Task item: Only the closing portion of the entries is to be reproduced: the line containing "this 2576×1424 image." through the very last line, exactly as written.

Material for this exercise:

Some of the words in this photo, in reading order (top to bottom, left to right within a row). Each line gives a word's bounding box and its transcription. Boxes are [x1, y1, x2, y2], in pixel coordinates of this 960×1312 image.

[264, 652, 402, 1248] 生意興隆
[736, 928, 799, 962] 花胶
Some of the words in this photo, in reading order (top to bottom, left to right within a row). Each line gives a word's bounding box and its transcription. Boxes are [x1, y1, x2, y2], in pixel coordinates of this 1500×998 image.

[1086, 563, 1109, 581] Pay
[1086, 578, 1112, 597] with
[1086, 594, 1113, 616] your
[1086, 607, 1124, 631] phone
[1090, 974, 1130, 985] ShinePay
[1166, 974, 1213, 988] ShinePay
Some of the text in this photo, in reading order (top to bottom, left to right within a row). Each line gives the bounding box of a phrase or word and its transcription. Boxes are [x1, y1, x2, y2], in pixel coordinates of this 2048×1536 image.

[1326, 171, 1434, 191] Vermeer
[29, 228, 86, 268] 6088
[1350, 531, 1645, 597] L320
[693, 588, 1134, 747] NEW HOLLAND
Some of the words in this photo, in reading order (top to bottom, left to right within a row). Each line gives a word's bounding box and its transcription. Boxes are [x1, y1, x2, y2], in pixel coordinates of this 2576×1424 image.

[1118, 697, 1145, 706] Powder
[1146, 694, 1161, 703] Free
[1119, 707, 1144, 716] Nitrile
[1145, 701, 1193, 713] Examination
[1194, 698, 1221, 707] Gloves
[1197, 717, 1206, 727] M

Written solution:
Some of the words in this photo, in reading order (top to bottom, left to right within a row). Each line gives a word's bounding box and its transcription. Boxes are [x1, y1, x2, y2], in pixel coordinates of this 2576×1424 image.

[1118, 697, 1145, 706] Powder
[1146, 694, 1161, 703] Free
[1119, 707, 1144, 716] Nitrile
[1145, 701, 1193, 713] Examination
[1194, 698, 1221, 707] Gloves
[1197, 717, 1206, 727] M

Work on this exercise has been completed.